* **Provided entries**
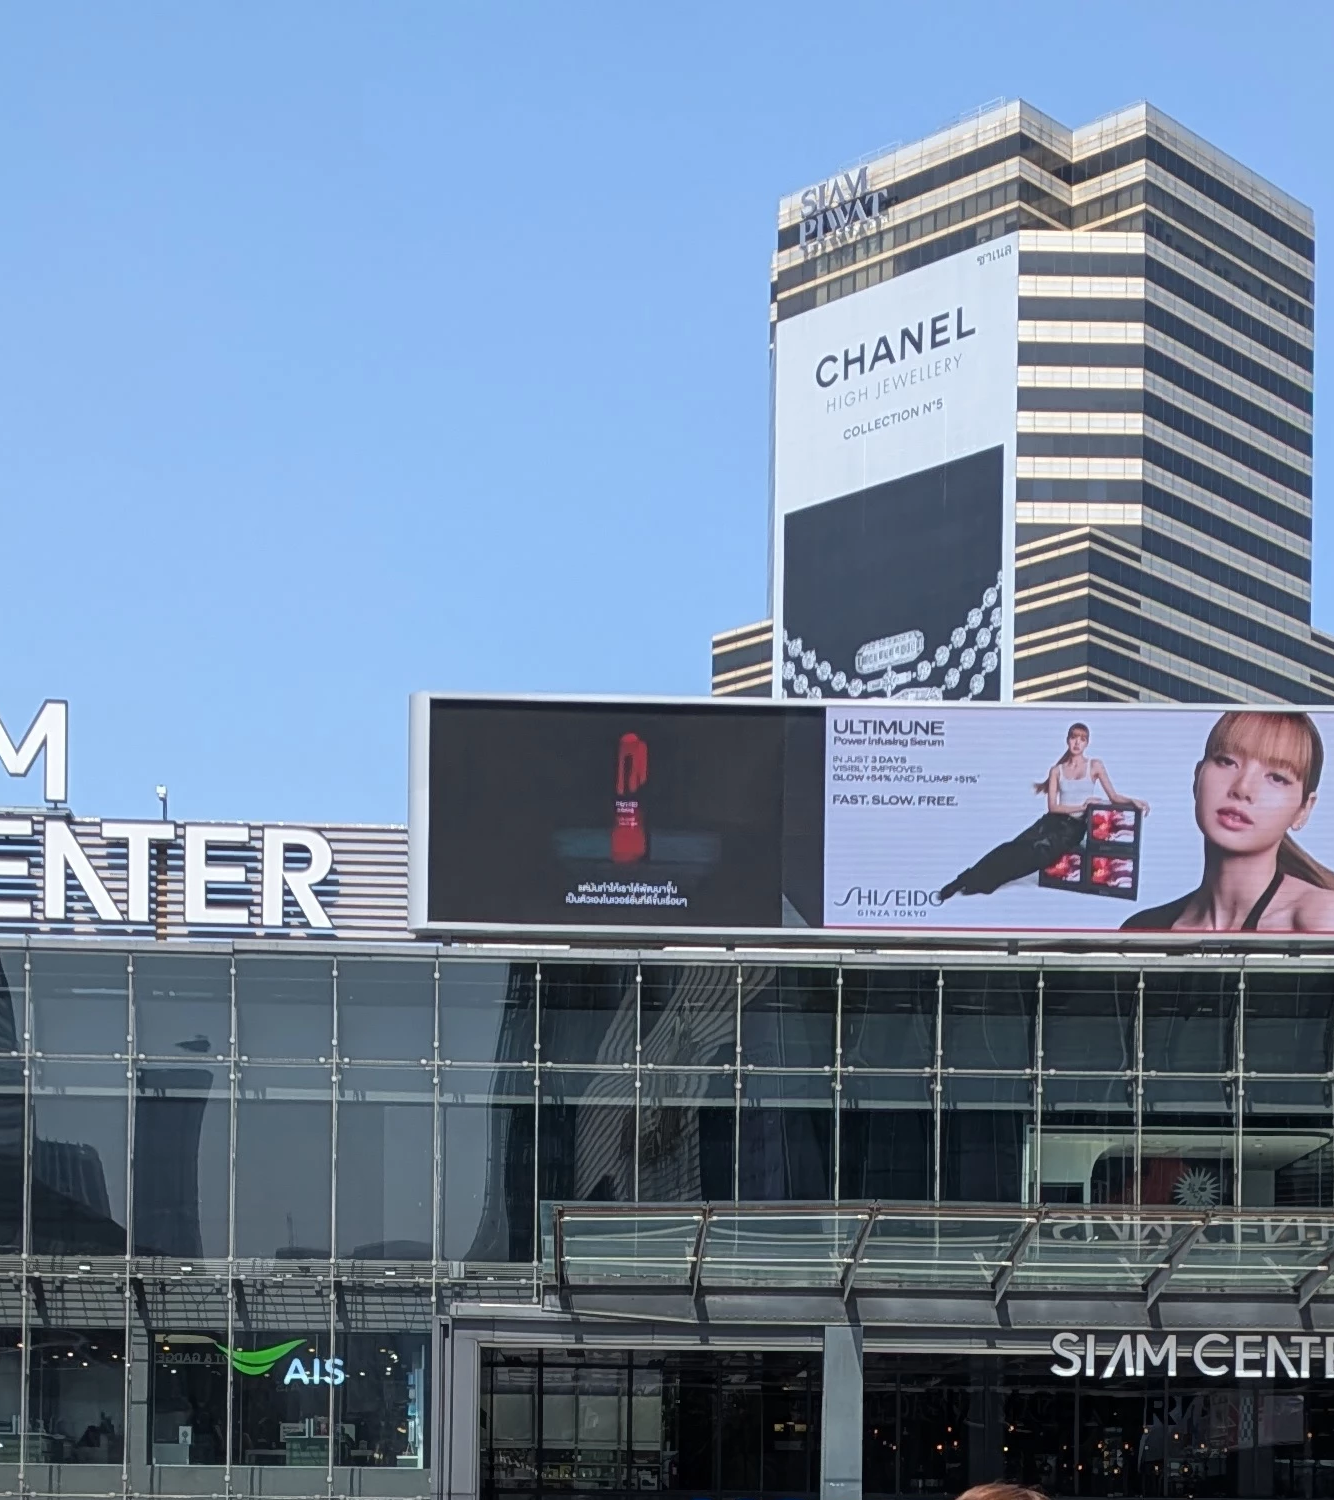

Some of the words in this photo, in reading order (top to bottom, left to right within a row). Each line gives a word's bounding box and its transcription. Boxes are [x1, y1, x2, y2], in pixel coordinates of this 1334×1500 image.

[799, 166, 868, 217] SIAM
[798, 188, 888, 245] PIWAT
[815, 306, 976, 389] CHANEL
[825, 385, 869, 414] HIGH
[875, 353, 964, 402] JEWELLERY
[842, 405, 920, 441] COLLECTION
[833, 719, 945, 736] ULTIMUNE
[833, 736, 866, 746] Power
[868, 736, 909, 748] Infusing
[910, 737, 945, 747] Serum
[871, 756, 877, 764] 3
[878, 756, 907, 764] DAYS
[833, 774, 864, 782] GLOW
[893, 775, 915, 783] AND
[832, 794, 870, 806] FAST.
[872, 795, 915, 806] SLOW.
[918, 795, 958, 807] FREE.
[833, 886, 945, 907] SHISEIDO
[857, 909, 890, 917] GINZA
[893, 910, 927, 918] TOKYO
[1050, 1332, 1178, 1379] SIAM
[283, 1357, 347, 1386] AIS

* **Task description**
Keep the pictures out and print all the records exactly as they are.

* **Your solution**
Some of the words in this photo, in reading order (top to bottom, left to right within a row). Each line gives a word's bounding box and its transcription. Boxes are [x1, y1, x2, y2], in pixel coordinates of this 1334×1500 image.

[799, 166, 868, 217] SIAM
[798, 188, 888, 245] PIWAT
[815, 306, 976, 389] CHANEL
[825, 385, 869, 414] HIGH
[875, 353, 964, 402] JEWELLERY
[842, 405, 920, 441] COLLECTION
[833, 719, 945, 736] ULTIMUNE
[833, 736, 866, 746] Power
[868, 736, 909, 748] Infusing
[910, 737, 945, 747] Serum
[871, 756, 877, 764] 3
[878, 756, 907, 764] DAYS
[833, 774, 864, 782] GLOW
[893, 775, 915, 783] AND
[832, 794, 870, 806] FAST.
[872, 795, 915, 806] SLOW.
[918, 795, 958, 807] FREE.
[833, 886, 945, 907] SHISEIDO
[857, 909, 890, 917] GINZA
[893, 910, 927, 918] TOKYO
[1050, 1332, 1178, 1379] SIAM
[283, 1357, 347, 1386] AIS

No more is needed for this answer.